In 962, according to globalsciencellc, Ottone encircled the imperial crown in Rome and inaugurated a policy of constant intervention in the political events of the Italian peninsula, which would have required ever new commitment and energy from his successors. The Italian policy of Otto I was made with Otto II and with Otto III also Mediterranean and Eastern, even arousing the utopian program of a renovatio imperii; the ever closer relations with the Church and with the papacy involved the Empire in the exhausting struggle of investitures, from the middle of the century. XI to 1122 (Concordat of Worms); the same political program of Frederick I, centered on the restoration of state power, was conceived within the framework of a universal empire, with Rome as its capital and Italy as its center, and forced the Hohenstaufen to clash with the Italian communes and the papacy; and when in 1194 Henry VI inherited the crown of the Kingdom of Sicily, the ancient mirage of a dominium mundi flashed once again, extended to Byzantium and the Levant. This policy required enormous financial commitments for the recruitment of armies, forced the sovereigns to continually descend into Italy, to long and frequent absences from Germany; above all it prevented them from creating strong structures of government and from opposing the development of particularistic forces: the urban centers, which always claimed new autonomy, the nobility, which by now began to found its power, feudality, on territorial bases, which, far from constituting that hierarchical system of links between the emperor and the potentos hoped for by Barbarossa, it turned out to be the most serious element of disintegration.
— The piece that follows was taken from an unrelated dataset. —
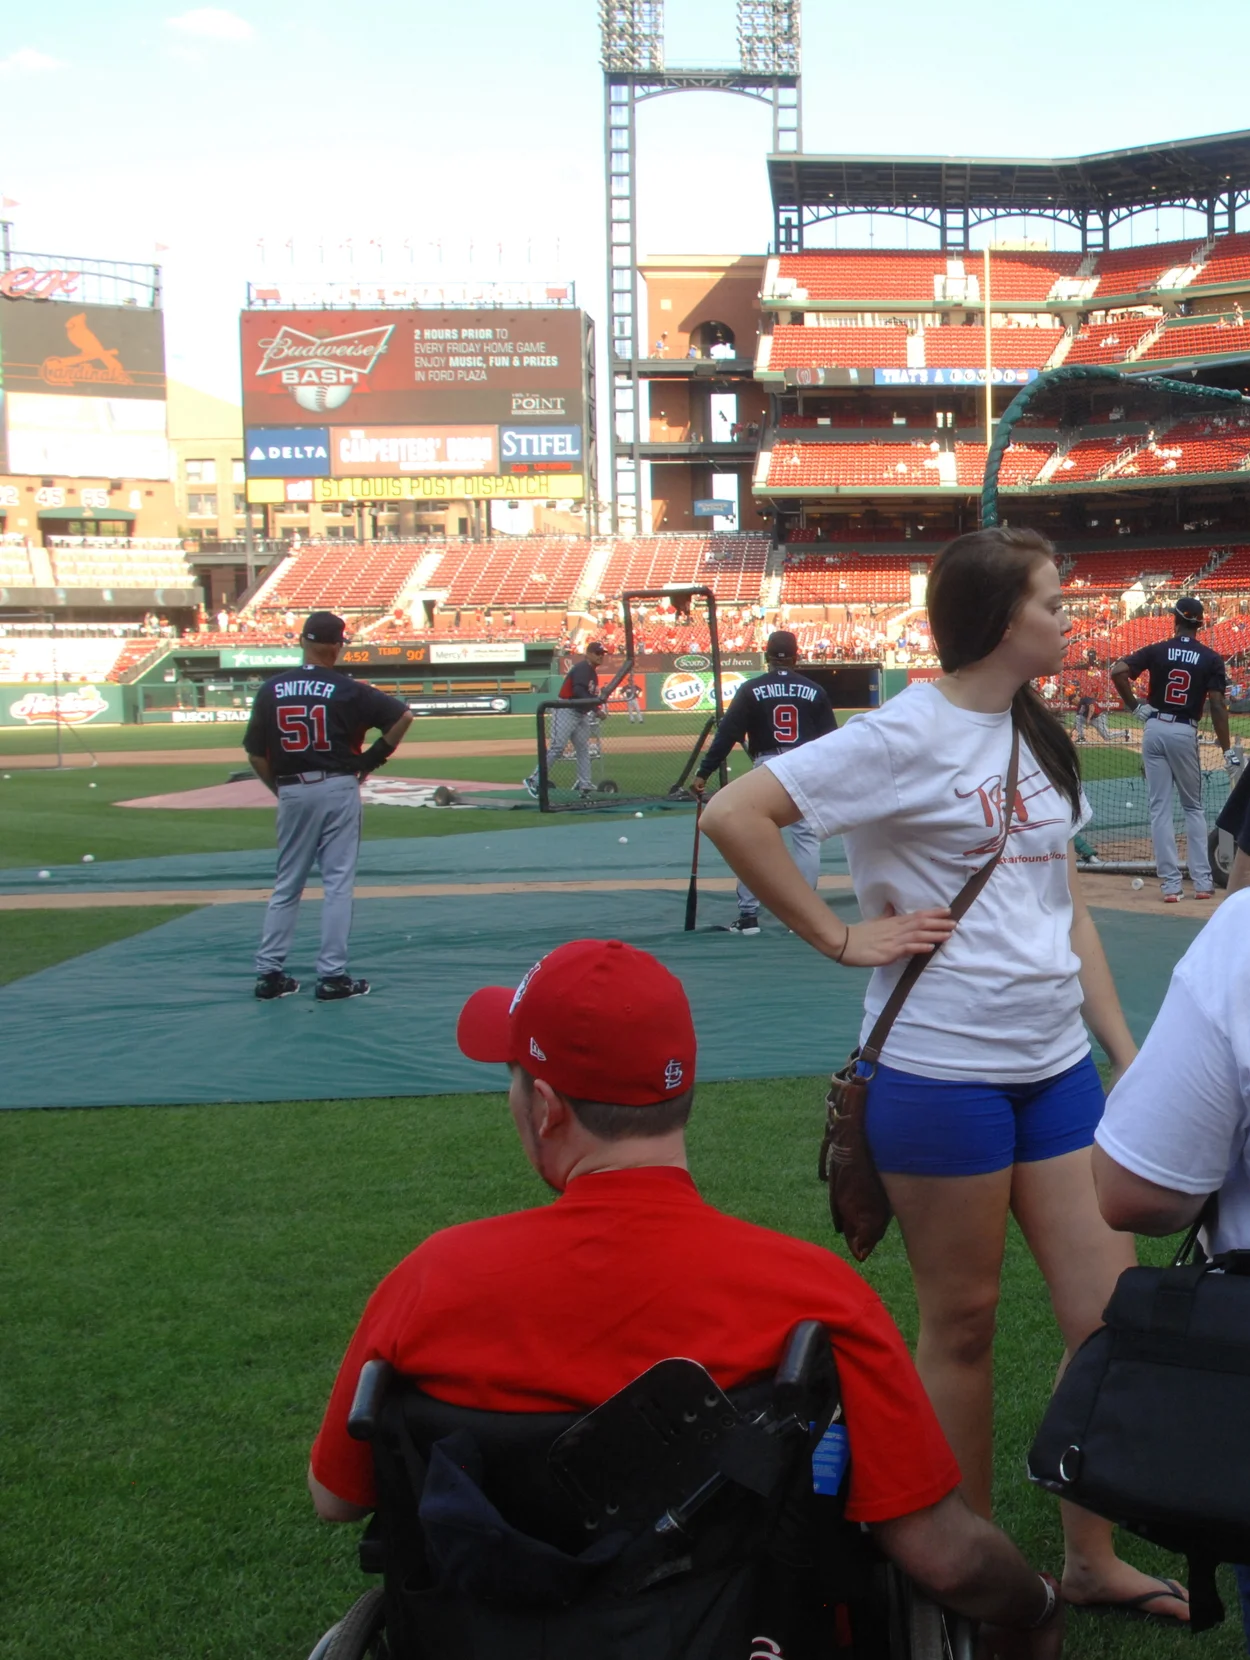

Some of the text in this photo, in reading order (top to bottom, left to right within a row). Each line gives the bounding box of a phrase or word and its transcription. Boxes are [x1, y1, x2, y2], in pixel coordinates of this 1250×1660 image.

Thus, while in the West, and above all in France and England, the national monarchies – albeit through a bitter and long struggle – promoted the construction of an increasingly centralized and unitary state organism, ordering and regulating cities and local lordships, large principalities and autonomous provinces, in that slow process that leads to the formation of the modern state, the German monarchy wore out its energies and its authority in pursuit of the dream of a universal empire.